Ford also faced stiff competition from the Aston Martin Vantage GTE cars and finished fourth and fifth in class, behind the Aston of Nicki Thiim, Marco Sorensen and Darren Turner, suggesting the Blue Oval will have its work cut out at the coveted Le Mans 24 Hours race in June.
However, with half the battle in endurance racing being simply to make it to the finish line without mechanical gremlins or collisions on track, Raj Nair, executive vice president and chief technical officer, Global Ford Product Development (aka the man in charge) was upbeat when reflecting on the team’s challenge at Silverstone.
He said: “Considering it was the first race with a new car and a new team we had a clean run. We’re very happy that the car ran well mechanically. We had a couple of issues; we were caught out on safety car timing and we lost radio with Olivier (Pla) towards the end of the race, which had an impact on strategy. This is a great start, though, and a good stepping stone to the Le Mans 24 Hours.”

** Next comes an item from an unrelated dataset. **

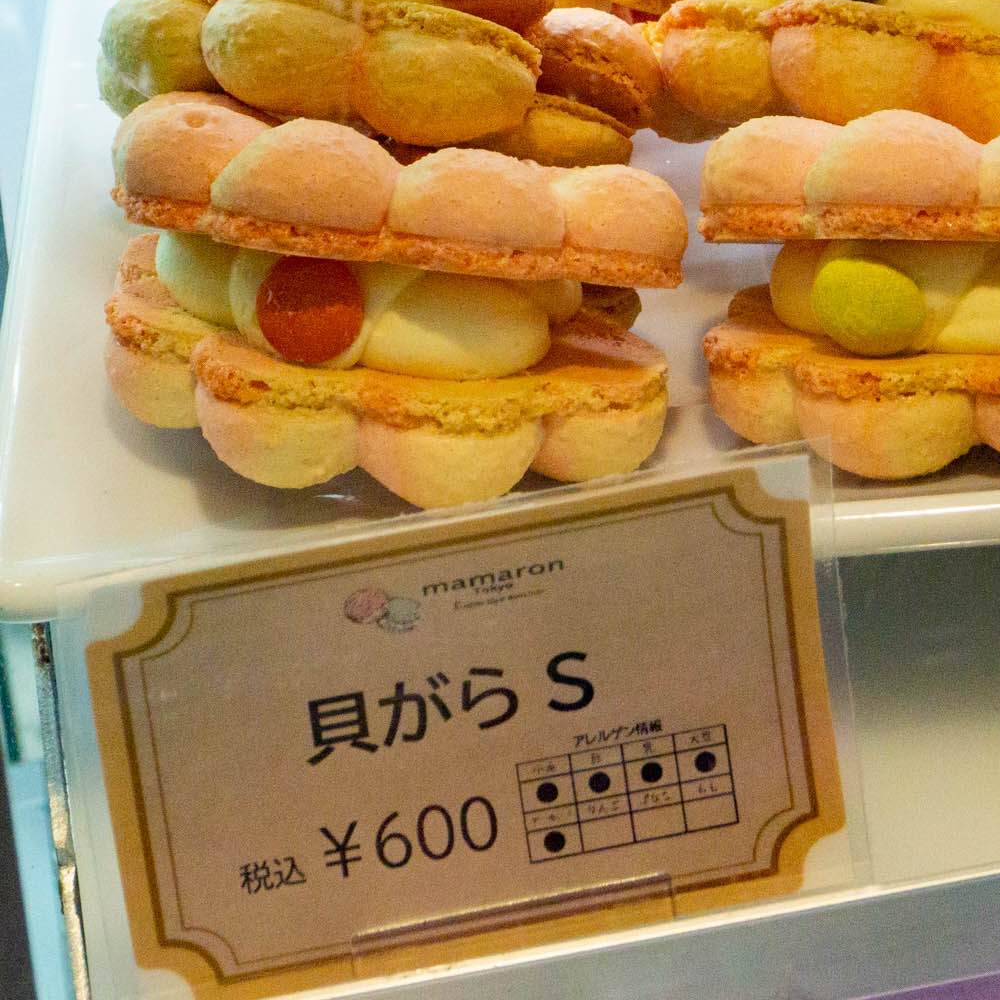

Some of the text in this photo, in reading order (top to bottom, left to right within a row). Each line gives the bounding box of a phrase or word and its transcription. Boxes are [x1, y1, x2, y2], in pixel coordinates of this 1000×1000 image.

[421, 559, 565, 597] mamaron
[306, 650, 595, 766] 貝がら S
[239, 795, 499, 898] 税込 ¥600

Speaking to Driving before the race, Nair said that he considered the early season WEC races to be steps towards the main focus of Le Mans and that he has realistic expectations about developing the GT racing car. “We don’t come to races just to fill the grid, we come to race to win, and put the resource towards that goal of winning,” he said.
“But at the same time we also know how long it takes to develop a successful programme. It’s a very short timeline. We have the right car, the right team, the right drivers, and we just need time to develop all of that.”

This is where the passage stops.